## [RECORDS PROVIDED]
>>>>

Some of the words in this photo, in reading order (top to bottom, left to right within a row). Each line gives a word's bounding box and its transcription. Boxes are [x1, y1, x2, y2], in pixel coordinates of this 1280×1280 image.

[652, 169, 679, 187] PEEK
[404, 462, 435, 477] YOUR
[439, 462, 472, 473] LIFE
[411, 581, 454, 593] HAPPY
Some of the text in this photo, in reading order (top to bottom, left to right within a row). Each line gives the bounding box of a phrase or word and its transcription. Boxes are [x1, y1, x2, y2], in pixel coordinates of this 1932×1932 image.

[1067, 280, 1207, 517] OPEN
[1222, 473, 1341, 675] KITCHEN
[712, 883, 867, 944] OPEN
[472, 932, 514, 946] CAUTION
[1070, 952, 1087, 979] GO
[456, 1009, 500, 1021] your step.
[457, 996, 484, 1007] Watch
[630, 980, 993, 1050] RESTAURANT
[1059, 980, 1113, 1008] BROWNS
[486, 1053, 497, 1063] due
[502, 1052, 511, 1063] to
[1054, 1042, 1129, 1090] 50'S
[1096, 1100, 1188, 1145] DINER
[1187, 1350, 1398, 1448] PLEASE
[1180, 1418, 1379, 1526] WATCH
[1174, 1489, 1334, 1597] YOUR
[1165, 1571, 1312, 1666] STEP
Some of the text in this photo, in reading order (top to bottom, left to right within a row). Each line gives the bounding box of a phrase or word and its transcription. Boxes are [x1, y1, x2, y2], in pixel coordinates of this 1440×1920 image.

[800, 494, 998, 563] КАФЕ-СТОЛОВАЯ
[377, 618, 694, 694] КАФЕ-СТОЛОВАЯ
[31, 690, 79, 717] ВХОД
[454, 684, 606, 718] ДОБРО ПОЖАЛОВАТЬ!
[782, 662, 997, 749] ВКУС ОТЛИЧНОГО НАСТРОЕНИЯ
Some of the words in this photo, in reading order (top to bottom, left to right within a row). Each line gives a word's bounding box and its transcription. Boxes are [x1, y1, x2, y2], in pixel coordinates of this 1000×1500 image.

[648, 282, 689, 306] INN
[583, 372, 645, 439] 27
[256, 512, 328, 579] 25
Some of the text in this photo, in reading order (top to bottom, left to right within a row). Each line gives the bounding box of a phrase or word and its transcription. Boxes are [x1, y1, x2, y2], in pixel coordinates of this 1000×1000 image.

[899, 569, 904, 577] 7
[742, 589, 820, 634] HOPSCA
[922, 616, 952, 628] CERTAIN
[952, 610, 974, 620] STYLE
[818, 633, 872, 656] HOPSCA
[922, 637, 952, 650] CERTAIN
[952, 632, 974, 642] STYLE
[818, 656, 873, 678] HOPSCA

<<<<

## [GOAL OF THE EXERCISE]
Each record above, in full: retype it verbatim.

## [EXPECTED ANSWER]
Some of the words in this photo, in reading order (top to bottom, left to right within a row). Each line gives a word's bounding box and its transcription. Boxes are [x1, y1, x2, y2], in pixel coordinates of this 1280×1280 image.

[652, 169, 679, 187] PEEK
[404, 462, 435, 477] YOUR
[439, 462, 472, 473] LIFE
[411, 581, 454, 593] HAPPY
Some of the text in this photo, in reading order (top to bottom, left to right within a row). Each line gives the bounding box of a phrase or word and its transcription. Boxes are [x1, y1, x2, y2], in pixel coordinates of this 1932×1932 image.

[1067, 280, 1207, 517] OPEN
[1222, 473, 1341, 675] KITCHEN
[712, 883, 867, 944] OPEN
[472, 932, 514, 946] CAUTION
[1070, 952, 1087, 979] GO
[456, 1009, 500, 1021] your step.
[457, 996, 484, 1007] Watch
[630, 980, 993, 1050] RESTAURANT
[1059, 980, 1113, 1008] BROWNS
[486, 1053, 497, 1063] due
[502, 1052, 511, 1063] to
[1054, 1042, 1129, 1090] 50'S
[1096, 1100, 1188, 1145] DINER
[1187, 1350, 1398, 1448] PLEASE
[1180, 1418, 1379, 1526] WATCH
[1174, 1489, 1334, 1597] YOUR
[1165, 1571, 1312, 1666] STEP
Some of the text in this photo, in reading order (top to bottom, left to right within a row). Each line gives the bounding box of a phrase or word and its transcription. Boxes are [x1, y1, x2, y2], in pixel coordinates of this 1440×1920 image.

[800, 494, 998, 563] КАФЕ-СТОЛОВАЯ
[377, 618, 694, 694] КАФЕ-СТОЛОВАЯ
[31, 690, 79, 717] ВХОД
[454, 684, 606, 718] ДОБРО ПОЖАЛОВАТЬ!
[782, 662, 997, 749] ВКУС ОТЛИЧНОГО НАСТРОЕНИЯ
Some of the words in this photo, in reading order (top to bottom, left to right within a row). Each line gives a word's bounding box and its transcription. Boxes are [x1, y1, x2, y2], in pixel coordinates of this 1000×1500 image.

[648, 282, 689, 306] INN
[583, 372, 645, 439] 27
[256, 512, 328, 579] 25
Some of the text in this photo, in reading order (top to bottom, left to right within a row). Each line gives the bounding box of a phrase or word and its transcription. Boxes are [x1, y1, x2, y2], in pixel coordinates of this 1000×1000 image.

[899, 569, 904, 577] 7
[742, 589, 820, 634] HOPSCA
[922, 616, 952, 628] CERTAIN
[952, 610, 974, 620] STYLE
[818, 633, 872, 656] HOPSCA
[922, 637, 952, 650] CERTAIN
[952, 632, 974, 642] STYLE
[818, 656, 873, 678] HOPSCA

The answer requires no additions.